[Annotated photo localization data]

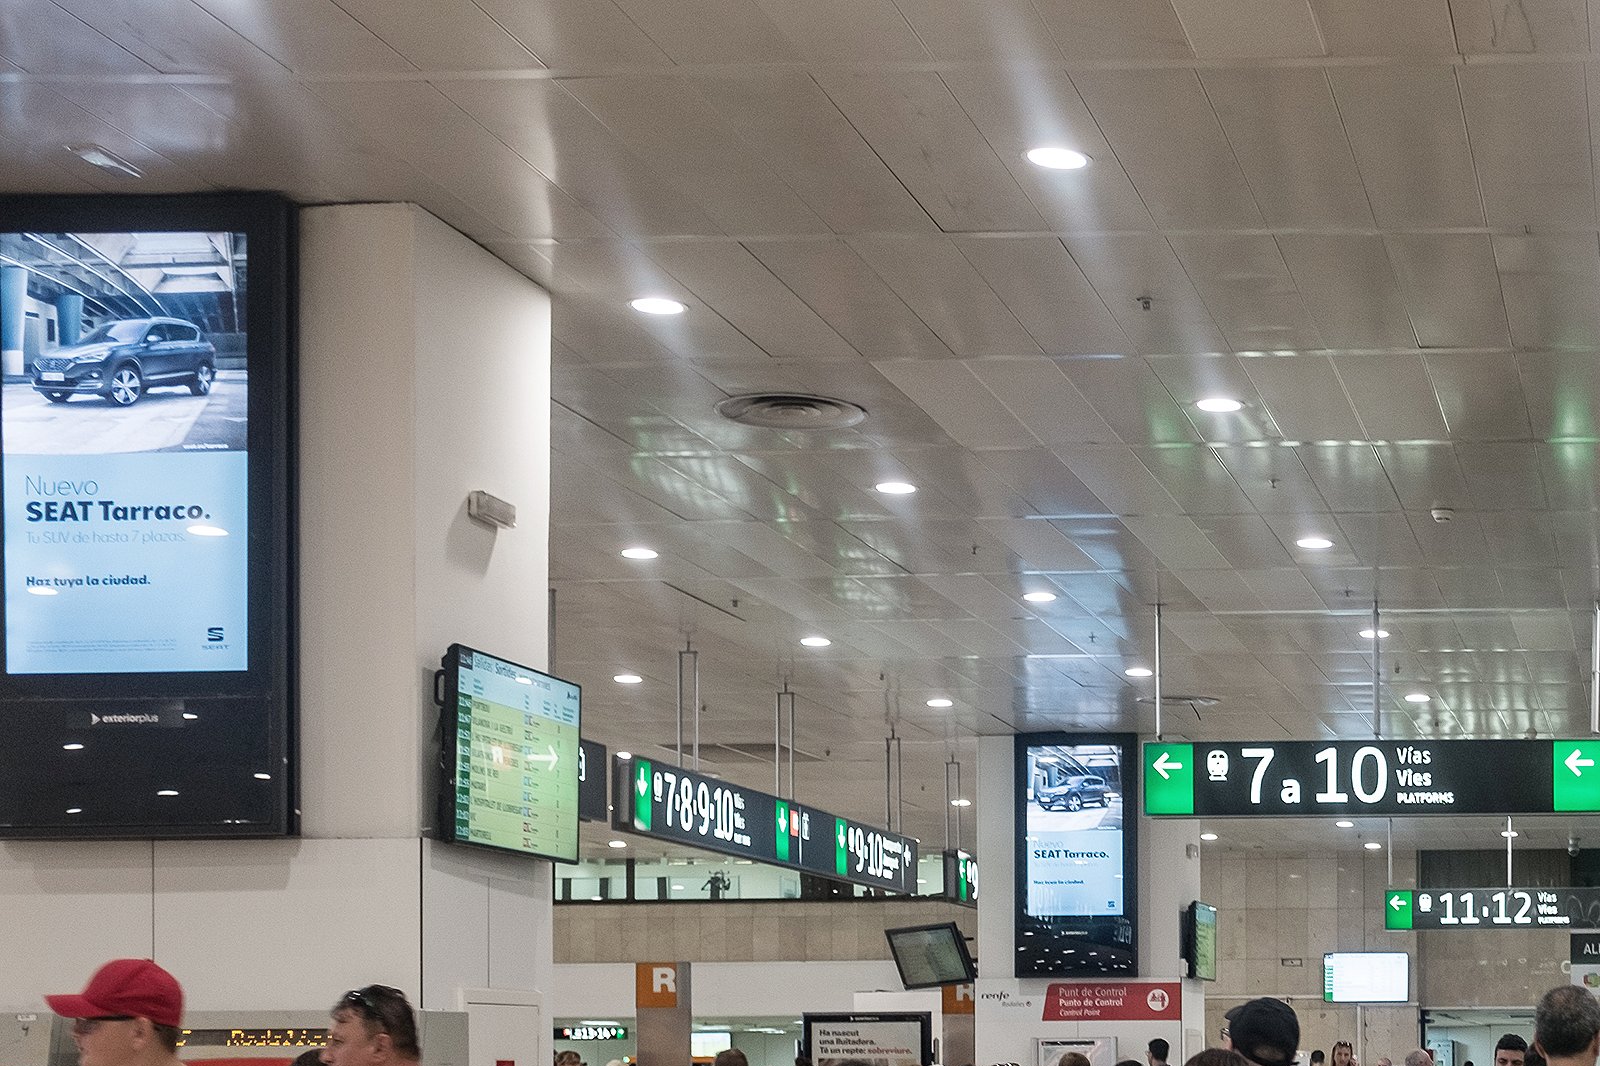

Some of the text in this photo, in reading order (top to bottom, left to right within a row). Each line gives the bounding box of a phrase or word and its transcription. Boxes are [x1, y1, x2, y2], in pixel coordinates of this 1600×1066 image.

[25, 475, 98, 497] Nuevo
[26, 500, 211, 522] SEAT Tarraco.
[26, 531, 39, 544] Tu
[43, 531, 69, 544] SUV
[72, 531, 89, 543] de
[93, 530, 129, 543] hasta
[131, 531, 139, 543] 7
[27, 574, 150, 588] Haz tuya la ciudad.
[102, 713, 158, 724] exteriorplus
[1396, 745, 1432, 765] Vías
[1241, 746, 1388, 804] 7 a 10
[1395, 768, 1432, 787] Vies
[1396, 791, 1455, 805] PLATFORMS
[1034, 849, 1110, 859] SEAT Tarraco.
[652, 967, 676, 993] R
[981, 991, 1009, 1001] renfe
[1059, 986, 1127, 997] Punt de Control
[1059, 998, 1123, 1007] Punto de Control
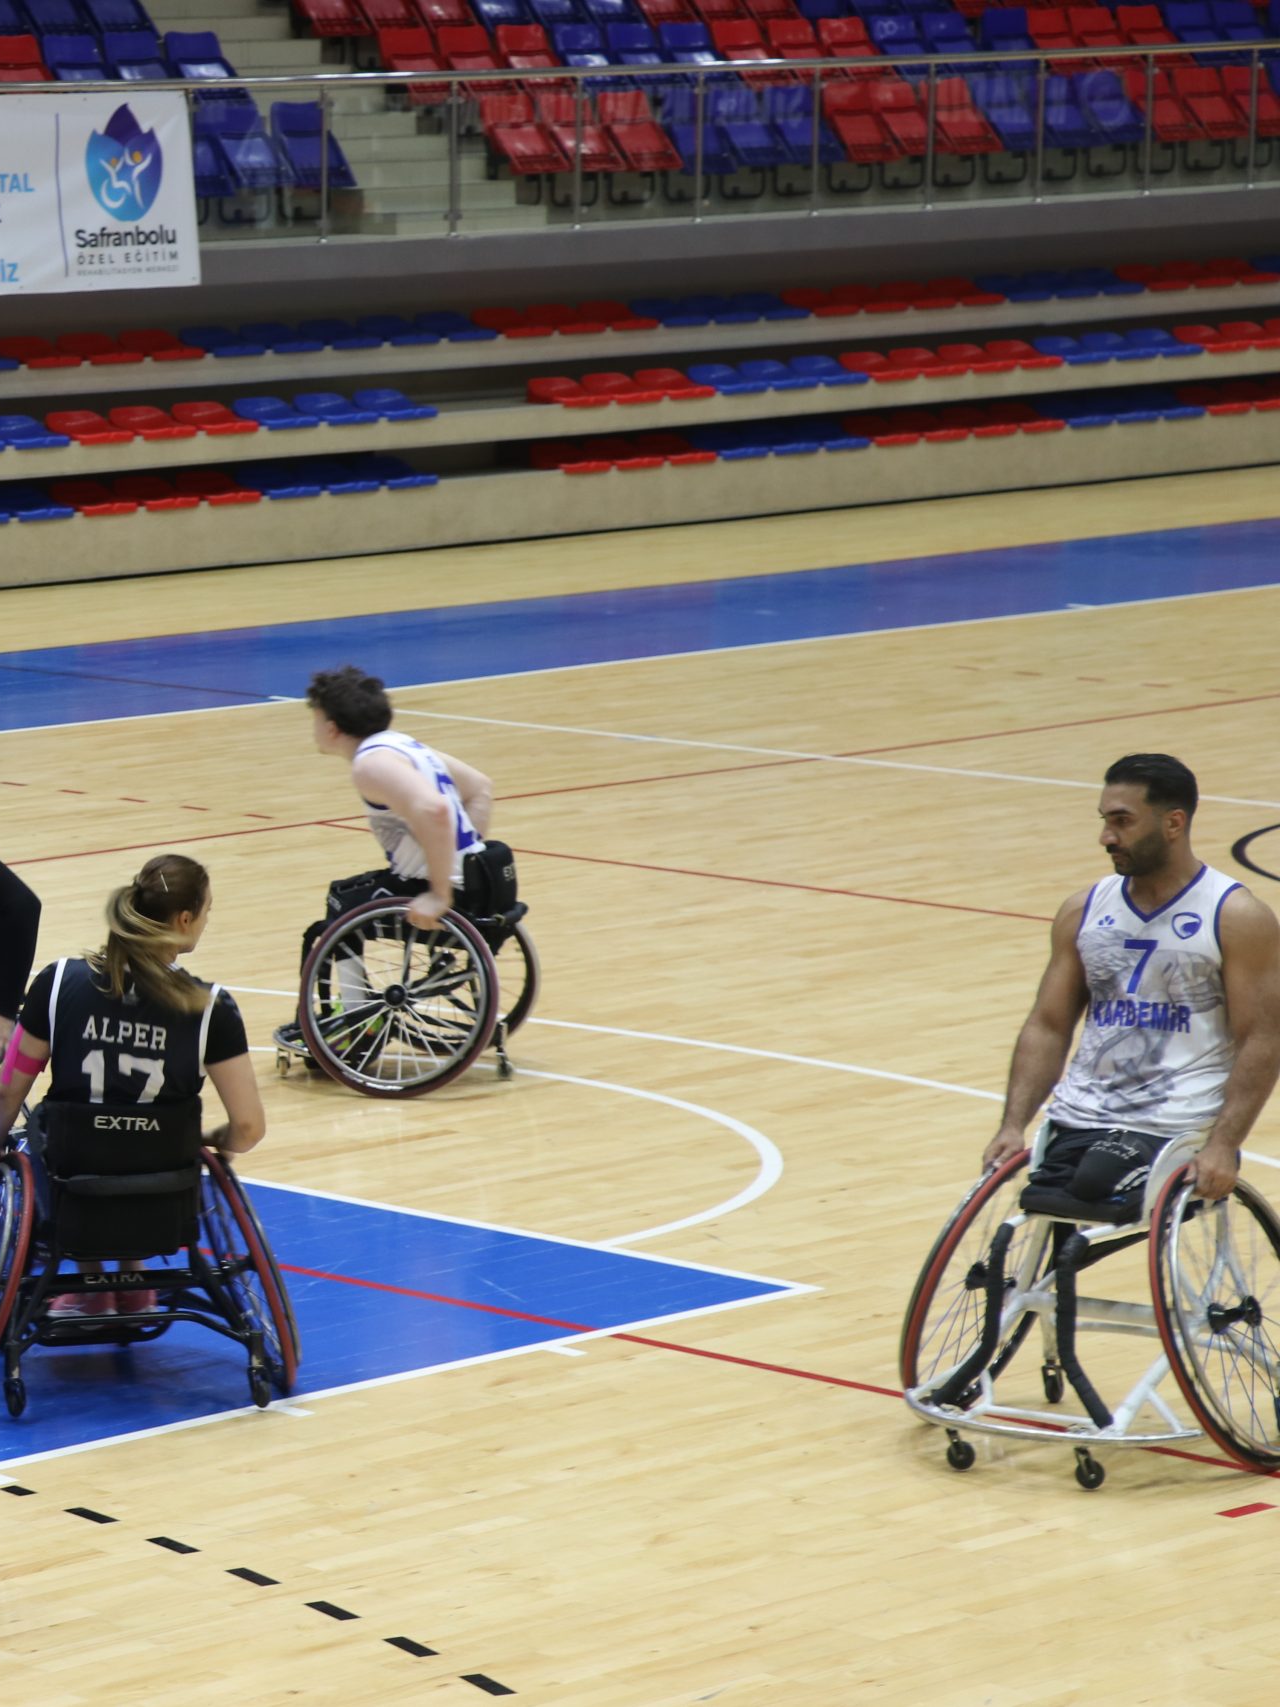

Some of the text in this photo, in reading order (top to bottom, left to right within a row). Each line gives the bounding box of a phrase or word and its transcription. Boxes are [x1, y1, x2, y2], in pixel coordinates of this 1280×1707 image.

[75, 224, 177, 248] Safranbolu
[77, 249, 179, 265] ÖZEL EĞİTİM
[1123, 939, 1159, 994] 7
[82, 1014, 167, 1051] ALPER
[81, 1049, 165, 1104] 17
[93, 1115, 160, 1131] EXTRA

§ What needs to be done
Copy, exactly and with nothing added, the lines from the one containing "this 1280×1707 image." through the end of the records.

§ Answer box
Some of the text in this photo, in reading order (top to bottom, left to right within a row). Each line gives the bounding box of a phrase or word and its transcription. Boxes are [x1, y1, x2, y2], in pixel coordinates of this 1280×1707 image.

[75, 224, 177, 248] Safranbolu
[77, 249, 179, 265] ÖZEL EĞİTİM
[1123, 939, 1159, 994] 7
[82, 1014, 167, 1051] ALPER
[81, 1049, 165, 1104] 17
[93, 1115, 160, 1131] EXTRA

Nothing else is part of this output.